Y cierro esta pequeña reseña dedicándola a mi viejo amigo Fernando, cuya durísima situación personal guarda un asombroso paralelismo con la de Johnston, así que, aunque sé que es imposible que lea esto, le mando un abrazo esté donde esté.
Saludos diabólicos.

8 comentarios:

elprimerhombre dijo...

Gran documental que cuando lo vi tampoco conocía a Daniel Johnston.
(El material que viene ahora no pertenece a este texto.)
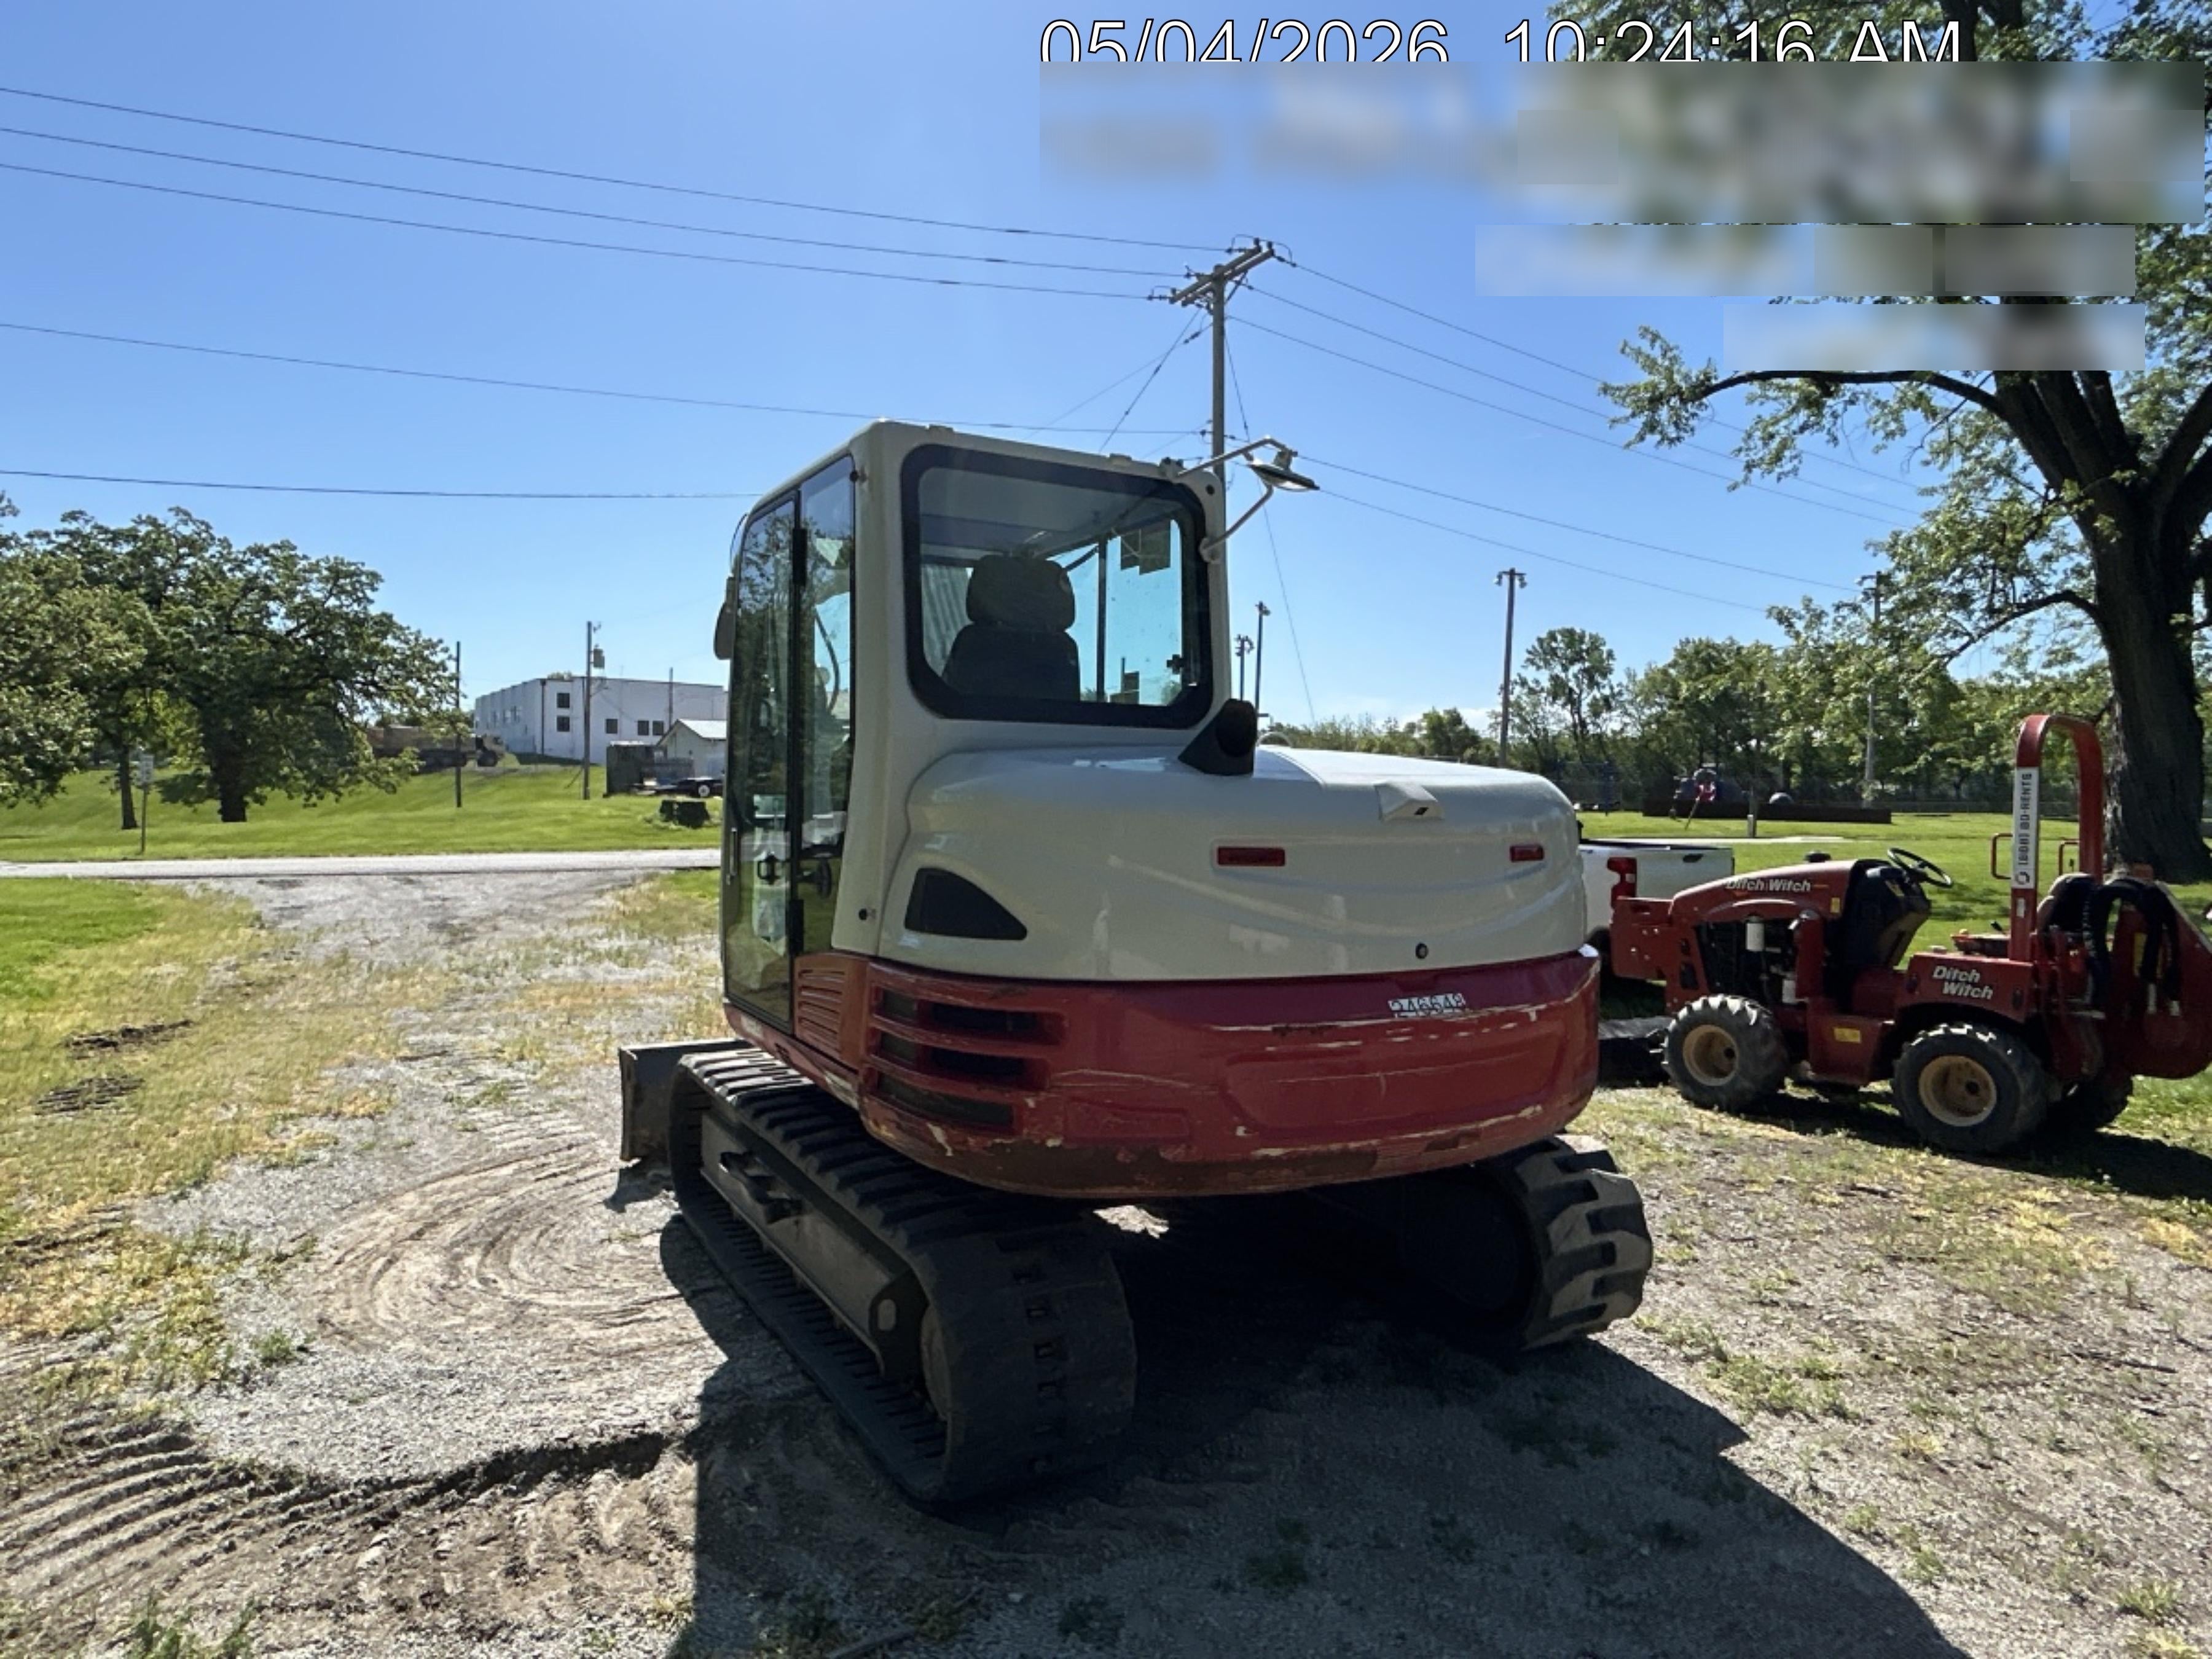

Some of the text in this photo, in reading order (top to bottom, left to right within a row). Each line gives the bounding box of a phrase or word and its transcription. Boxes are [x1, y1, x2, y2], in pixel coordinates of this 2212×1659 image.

[1725, 877, 1811, 892] Ditch Witch
[1932, 965, 1980, 982] Ditch
[1942, 981, 1994, 1000] Witch
Y aunque es verdad que sus canciones son bastante peculiares, su manera de cantarlas y de vivirlas me atrae bastante y la última canción de las letras de crédito me gusta mucho.

Un saludo!

Guille dijo...

Cani, eres un crack.

yosonico dijo...

Es muy bueno el docu, a mi me mola bastante su musica, "sorry entertainer" es de las k más me gusta, parece como si lo estuvieras conociendo. bonito articulo.

Manuel J dijo...

Yo lo he intentado con su música, pero no me ha llamado la atención. Alguna canción que otra no está mal, pero no para escucharlo frecuentemente. El documental es un hallazgo, sobre todo la parte de la avioneta.

dvd dijo...

Gracias a todos por comentar, especialmente a uno...

@ngel dijo...

Gran documental ,muy desconocido por la gran mayoria pero de obligada visión si te gustan en general los buenos y diferentes documentales ,saludos!

guille dijo...

Johnston es muy bueno haciendo canciones y cantándolas, cierto que apenas sabe tocar un instrumento. Esto lo demuestra el hecho de que grandes bandas como Yo la tengo, Teenage Funclub, Spiritualized y muchas otras hayan versionado sus temas. ¿Y que pasó con los sonic youth?, olvidaste mencionar este capítulo del documental.

dvd dijo...

No le veo la conexión con Sonic Youth, si acaso debe ser una admiración del grupo de New Jersey por sus propios motivos, igual que la anécdota de la camiseta que se puso Kurt Cobain, que con el tiempo se magnificó aunque no tenía mayor importancia. Lo que creo es que cada cosa tiene su momento y lugar, y a un outsider como Johnston le han dedicado un documental que le hace justicia, pero poco más, la verdad...
Lo que yo espero es un buen documental sobre Moore, Ranaldo y compañía...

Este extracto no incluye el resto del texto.